764 F. Supp. 110, 1991 U.S. Dist. LEXIS 6715, 1991 WL 76537
CourtDistrict Court, N.D. Illinois
DecidedMay 13, 1991
DocketNo. 89 C 1588
StatusPublished
Cited by1 cases

This text of 764 F. Supp. 110 (United States v. Febre) is published on Counsel Stack Legal Research, covering District Court, N.D. Illinois primary law. Counsel Stack provides free access to over 12 million legal documents including statutes, case law, regulations, and constitutions.

Bluebook
United States v. Febre, 764 F. Supp. 110, 1991 U.S. Dist. LEXIS 6715, 1991 WL 76537 (N.D. Ill. 1991).

Opinion

MEMORANDUM OPINION AND ORDER

ANN C. WILLIAMS, District Judge.

In 1983, in the United States District Court for the Northern District of Ohio, the defendant, Robert J. Febre, (“Febre”), pled guilty to various criminal charges including mail fraud, conspiracy, and income tax evasion. On November 10, 1983 the Ohio District Court sentenced Febre to 22 months of imprisonment and a $100,000.00 fine. On February 23,1987, pursuant to 28 U.S.C. § 1963, the defendant’s criminal fine judgment was registered in the United States District Court for the Southern District of Florida. On February 27, 1989, again pursuant to 28 U.S.C. § 1963, the criminal fine judgment was registered in the United States District Court for the Northern District of Illinois. To date, none of the $100,000.00 fine has been paid.

Having registered a certified copy of the Ohio judgment in the Northern District of Illinois, the United States now seeks to enforce the $100,000.00 Ohio judgment. The defendant argues that the registration of judgment in the Northern District of Illinois is barred by the Illinois five-year statute of limitations for non-specified civil actions and now moves this Court to vacate the registered judgment and dismiss the action pursuant to Federal Rule of Civil Procedure 60(b)(4)1 on the ground that the decision is void. For the following reasons, both the defendant’s motions to vacate the judgment and to dismiss this action are denied.

Discussion

This case appears to present the Court with an issue of first impression: whether the government, in registering a criminal fine judgment from a federal district court of one state to a federal district court of another state pursuant to 28 U.S.C. § 1963, is subject to state statutes of limitations that would appear to bar registration of the judgment.

United States Code, 28 U.S.C. § 1963, provides that,

A judgment in an action for the recovery of money or property now or hereafter entered in any district court which has become final by appeal or expiration of time for appeal may be registered in any other district court by filing therein a certified copy of such judgment.

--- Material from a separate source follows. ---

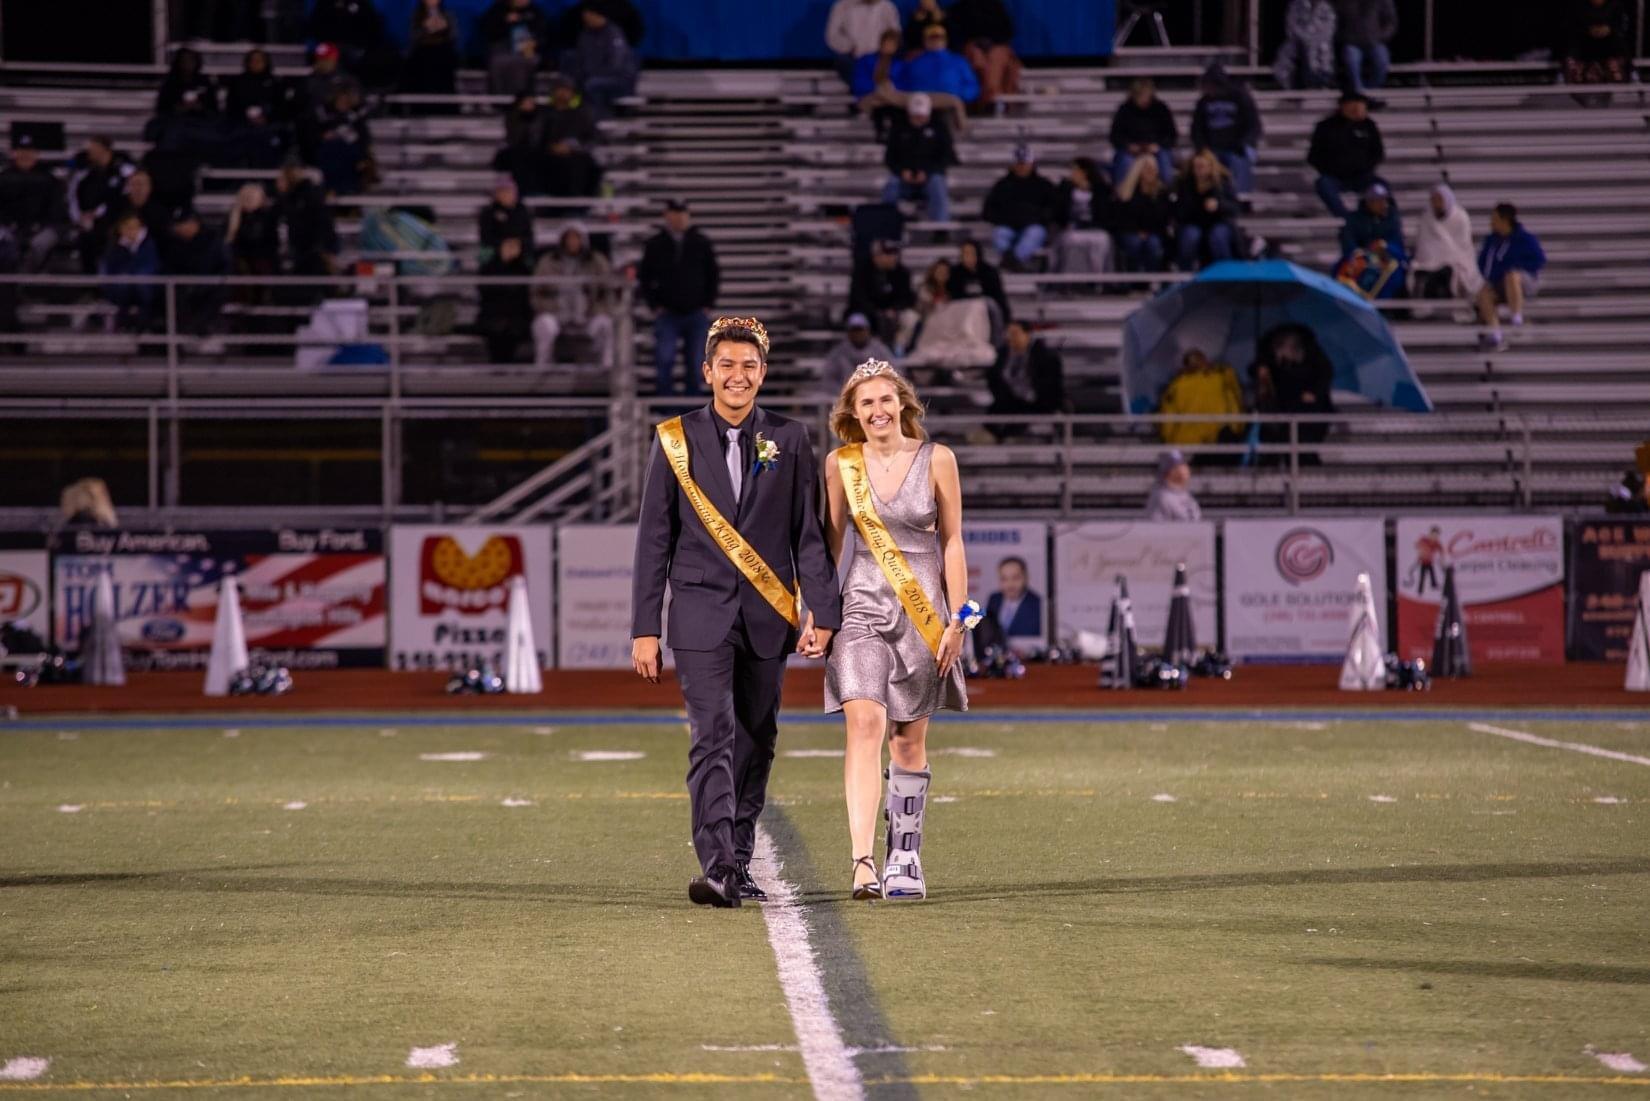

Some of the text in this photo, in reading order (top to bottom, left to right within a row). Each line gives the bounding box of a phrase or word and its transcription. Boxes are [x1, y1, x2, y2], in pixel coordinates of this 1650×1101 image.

A judgment so registered shall have the same effect as a judgment of the district court of the district where registered and may be enforced in like manner.

28 U.S.C. § 1963 (1988).

Some of the primary purposes of the § 1963 registration statute have been stated as follows:

... to simplify and facilitate the enforcement of federal judgments, at least those [112]*112for money, to eliminate the necessity and expense of a second lawsuit, and to avoid the impediments, such as diversity of citizenship, which new and distinct federal litigation might otherwise encounter. [Citations omitted.] If for judgment purposes, registration [under § 1963] were to be given a lesser status than a judgment on the judgment, some or all of these purposes are thwarted and the judgment creditor, in order to fully protect himself, must resort to the old an more formal procedure.

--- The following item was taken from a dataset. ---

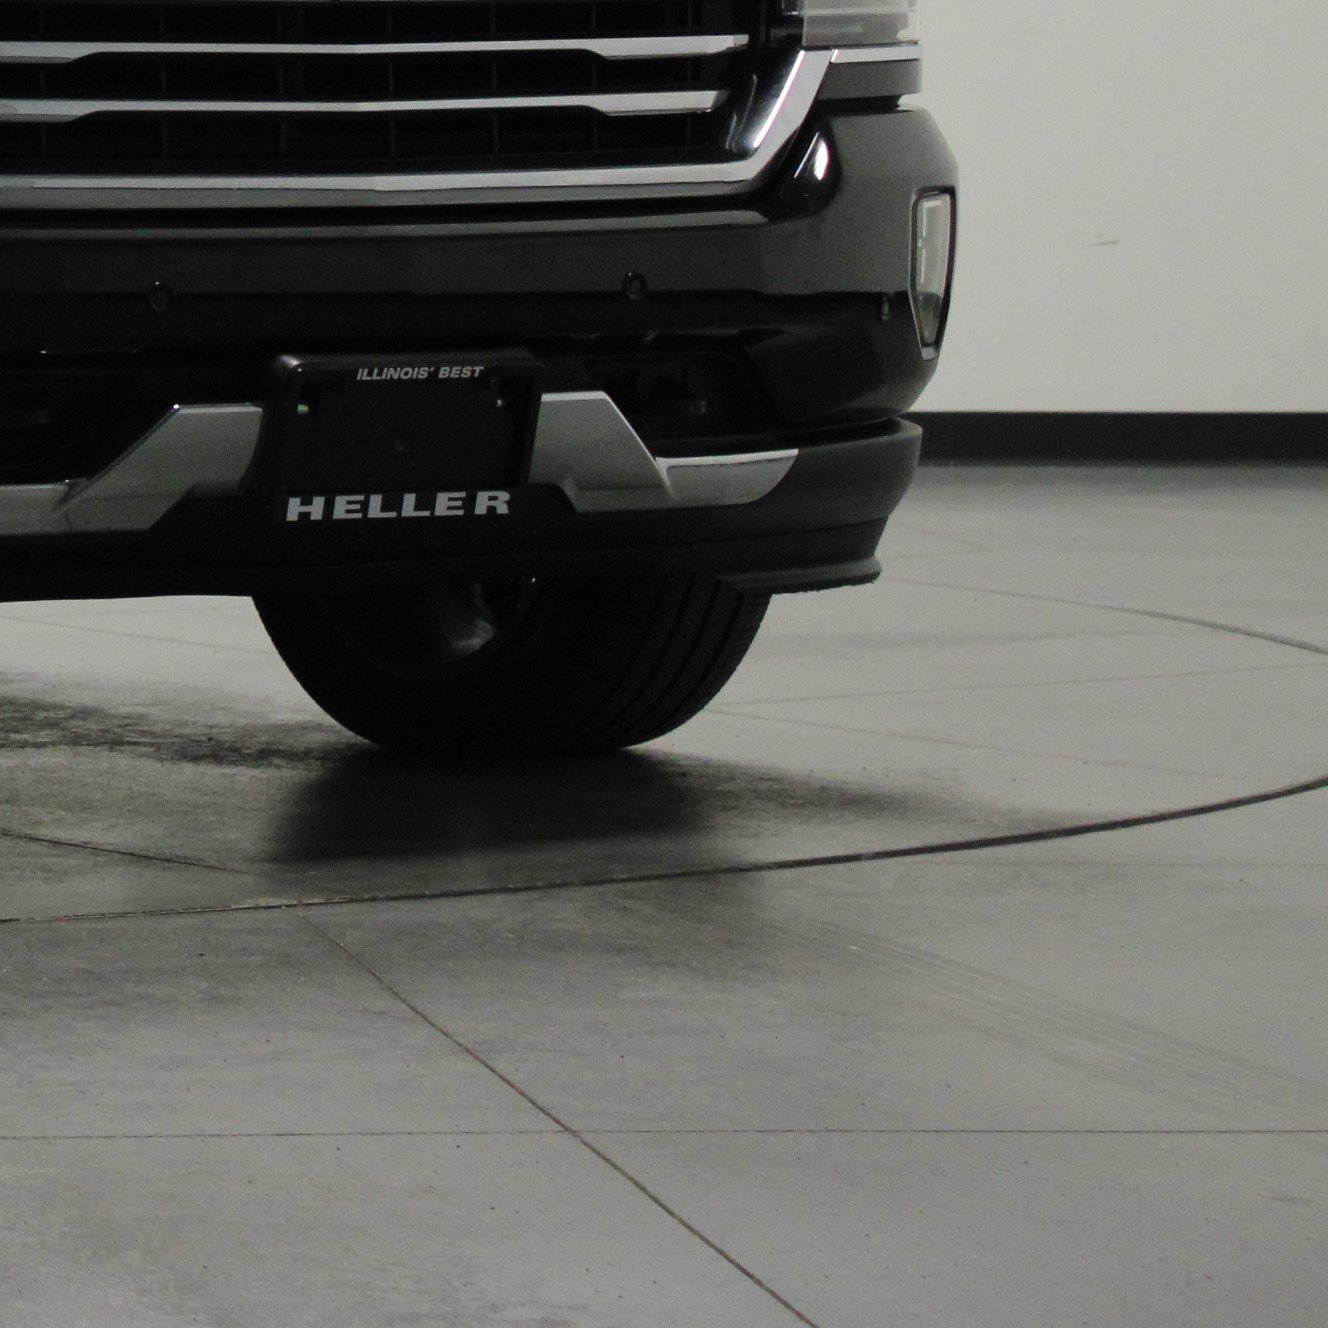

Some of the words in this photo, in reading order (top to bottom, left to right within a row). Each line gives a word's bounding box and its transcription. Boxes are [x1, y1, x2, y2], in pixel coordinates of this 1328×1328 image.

[356, 366, 435, 381] ILLINOIS'
[438, 365, 485, 379] BEST
[285, 490, 511, 522] HELLER

Stanford v. Utley, 341 F.2d 265, 270 (8th Cir.1965). “The language of the statute is absolutely clear that once the judgment is registered in the new district, it shall have the same effect as a judgment of a district court of the district where registered.” United States v. Palmer, 609 F.Supp. 544, 547 (D.C.Tenn.1985). While the majority of case law employing § 1963 concerns litigation between private parties, if the United States elects to register a judgment under the registration statute, it may clearly do so. United States v. Palmer, 609 F.Supp. at 548.

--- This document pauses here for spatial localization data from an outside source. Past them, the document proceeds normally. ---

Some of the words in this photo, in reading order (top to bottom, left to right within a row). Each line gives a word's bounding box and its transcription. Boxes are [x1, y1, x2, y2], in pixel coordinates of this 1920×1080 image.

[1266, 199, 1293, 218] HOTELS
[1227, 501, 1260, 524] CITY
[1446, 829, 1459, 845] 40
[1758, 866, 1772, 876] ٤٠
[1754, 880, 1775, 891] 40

The defendant argues that in determining whether a judgment can be registered in another United States district court, the law of the state in which registration is sought must be applied to determine whether the registration of that judgment is barred by the statute of limitations. Illinois law provides that “all civil actions not otherwise provided for, shall be commenced within five years next after the cause of action accrued.” Ill.Rev.Stat. ch. 110, U 13-205 (Smith-Hurd 1984). Consequently, the defendant argues that the § 1963 registration of the Ohio judgment in the Illinois District Court is void since more than five years have passed since the judgment was originally rendered in the Ohio court.2

The defendant relies on Matanuska Valley Lines, Inc. v. Molitor, 365 F.2d 358 (9th Cir.1966) to support this conclusion. In Matanuska, the plaintiff obtained a default judgment in the United States District Court for the District of Alaska in 1956. 365 F.2d at 359. Pursuant to 28 U.S.C. § 1963, the judgment was registered in 1964 in the United States District Court for the Western District of Washington. Id. Under Alaska law, the effective life and lien of a judgment was ten years; under Washington law, a foreign judgment was not registerable in the state after the expiration of six years following entry of the foreign judgment. Id. Since eight years had passed between the original rendering of the judgment and the attempt to register the judgment in another district, which state law the court chose to apply would determine whether the registered judgment was enforceable or void. In holding that the Alaska judgment was not registerable in Washington, the 9th Circuit stated,

It has long been established that the enforcement of a judgment of a sister state may be barred by application of the statute of limitations of the forum state [state where registration is attempted]. Any attempt by Matanuska to enforce its judgment in the Washington state courts after the lapse of six years would have been fruitless despite the “liveness” of the judgment according to the Alaska statutes.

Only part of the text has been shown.